(Spatial localization data)
[Start of Attachment]

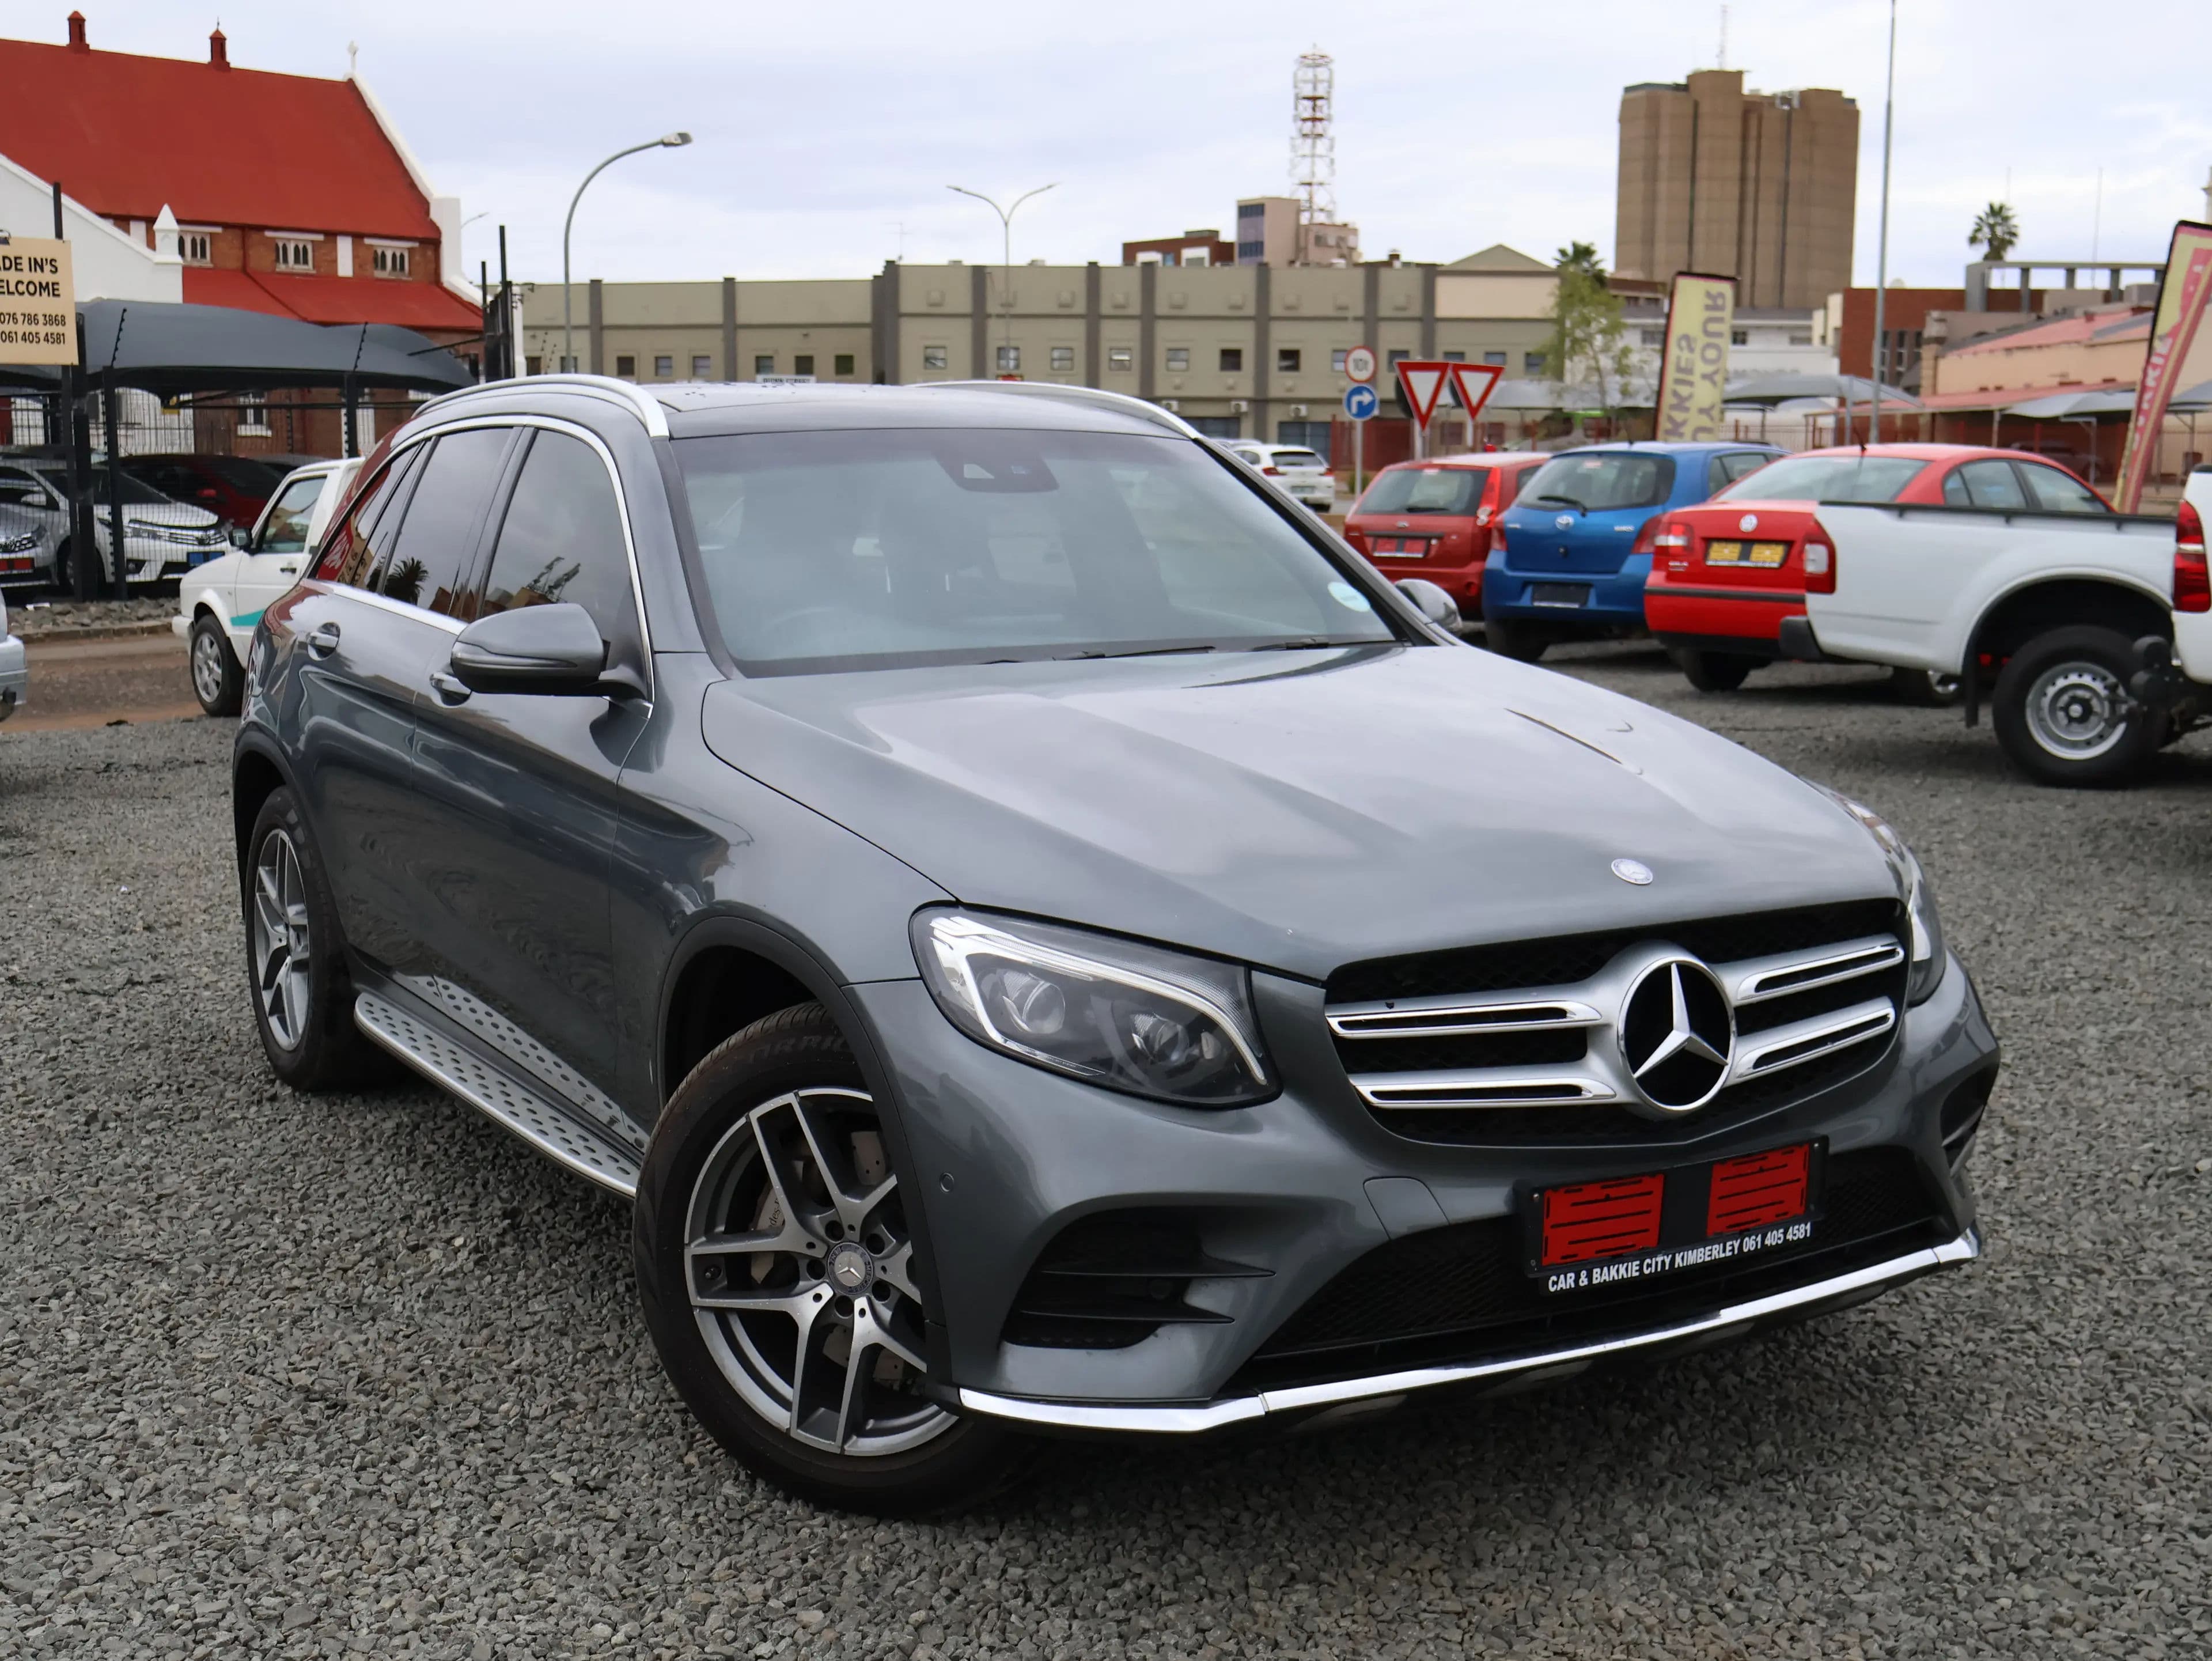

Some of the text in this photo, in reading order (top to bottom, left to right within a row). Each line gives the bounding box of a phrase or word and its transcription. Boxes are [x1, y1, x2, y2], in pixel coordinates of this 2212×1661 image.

[0, 256, 58, 274] DE IN'S
[0, 312, 66, 327] 076 786 3868
[1, 330, 66, 345] 061 405 4581
[1548, 1221, 1812, 1292] CAR & BAKKIE CITY KIMBERLEY 061 405 4581
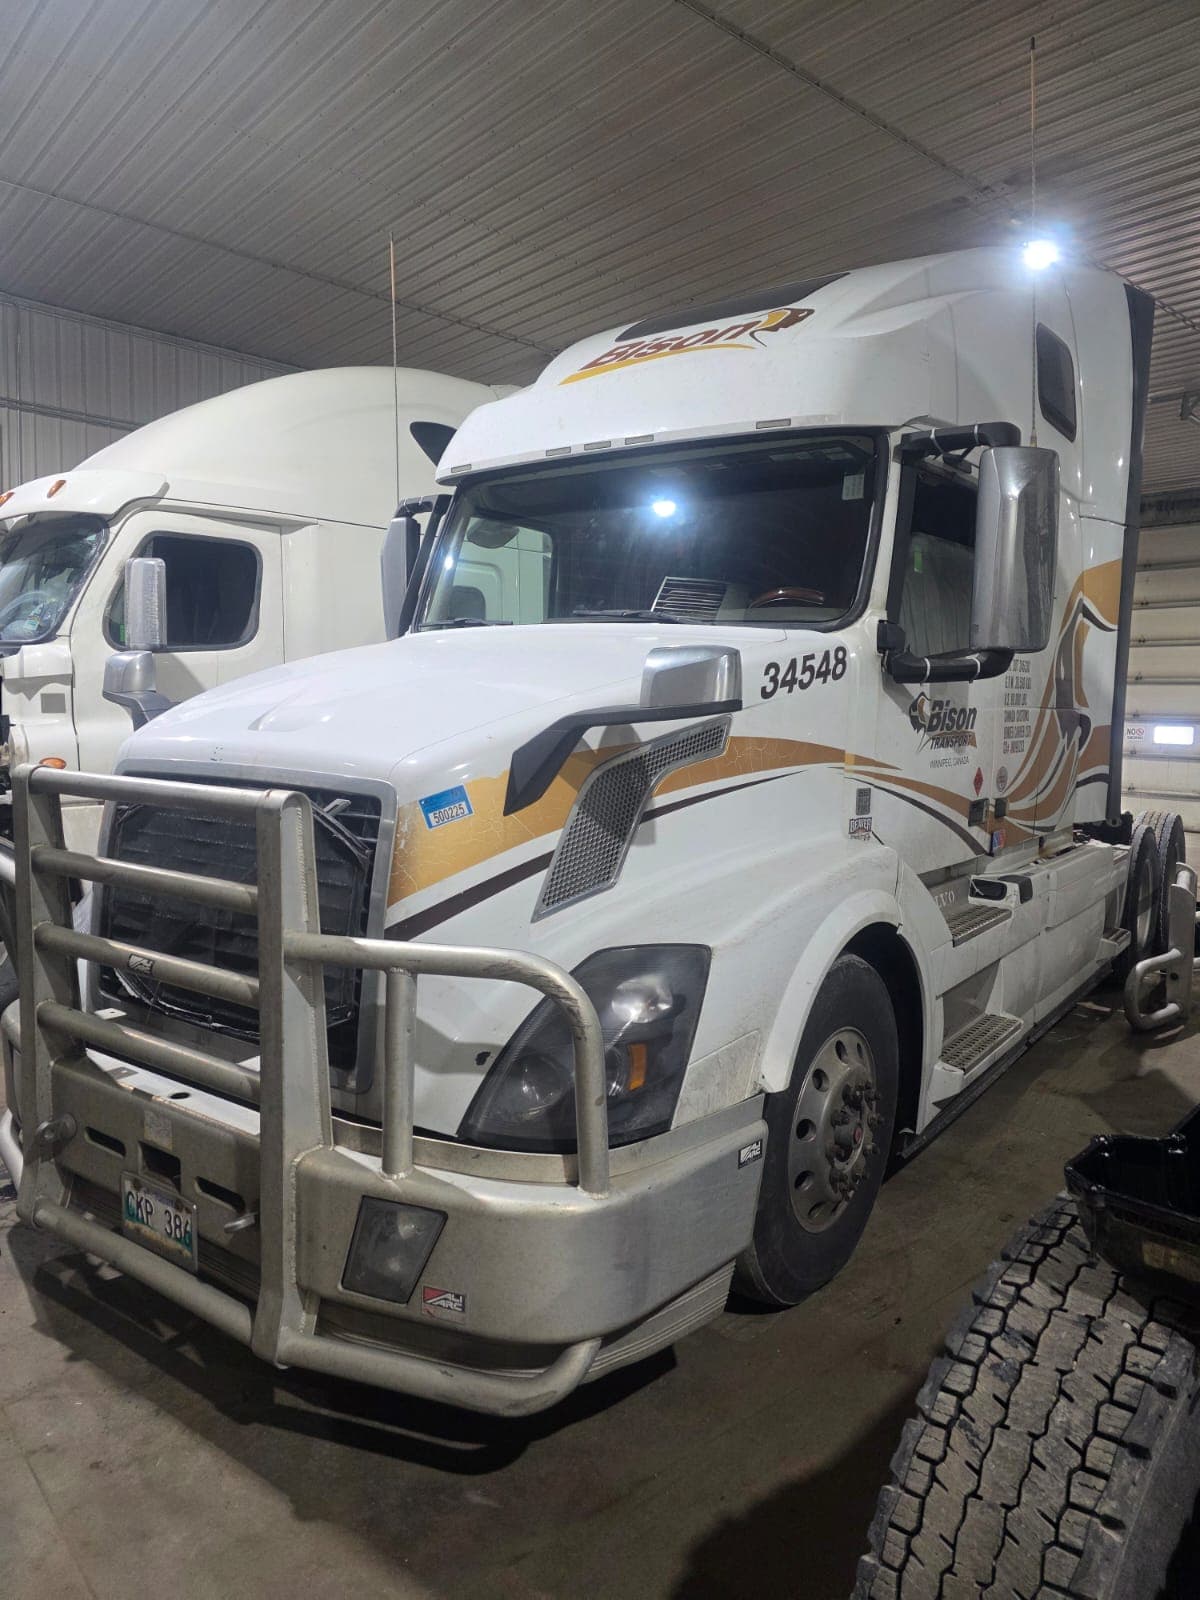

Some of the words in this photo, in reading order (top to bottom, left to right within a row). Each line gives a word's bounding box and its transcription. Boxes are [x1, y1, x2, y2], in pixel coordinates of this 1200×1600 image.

[End of Attachment]

Copy out all the records exactly as they read, and omit the pictures.

▸ **ANSWER FOR THIS EXERCISE**:
Some of the text in this photo, in reading order (top to bottom, left to right within a row). Each line gives the bounding box of a phrase or word and its transcription. Boxes are [x1, y1, x2, y2], in pixel coordinates of this 2212×1661 image.

[0, 256, 58, 274] DE IN'S
[0, 312, 66, 327] 076 786 3868
[1, 330, 66, 345] 061 405 4581
[1548, 1221, 1812, 1292] CAR & BAKKIE CITY KIMBERLEY 061 405 4581

Some of the words in this photo, in reading order (top to bottom, left to right within a row). Each line gives a word's bounding box and its transcription. Boxes are [x1, y1, x2, y2], in pixel coordinates of this 1200×1600 image.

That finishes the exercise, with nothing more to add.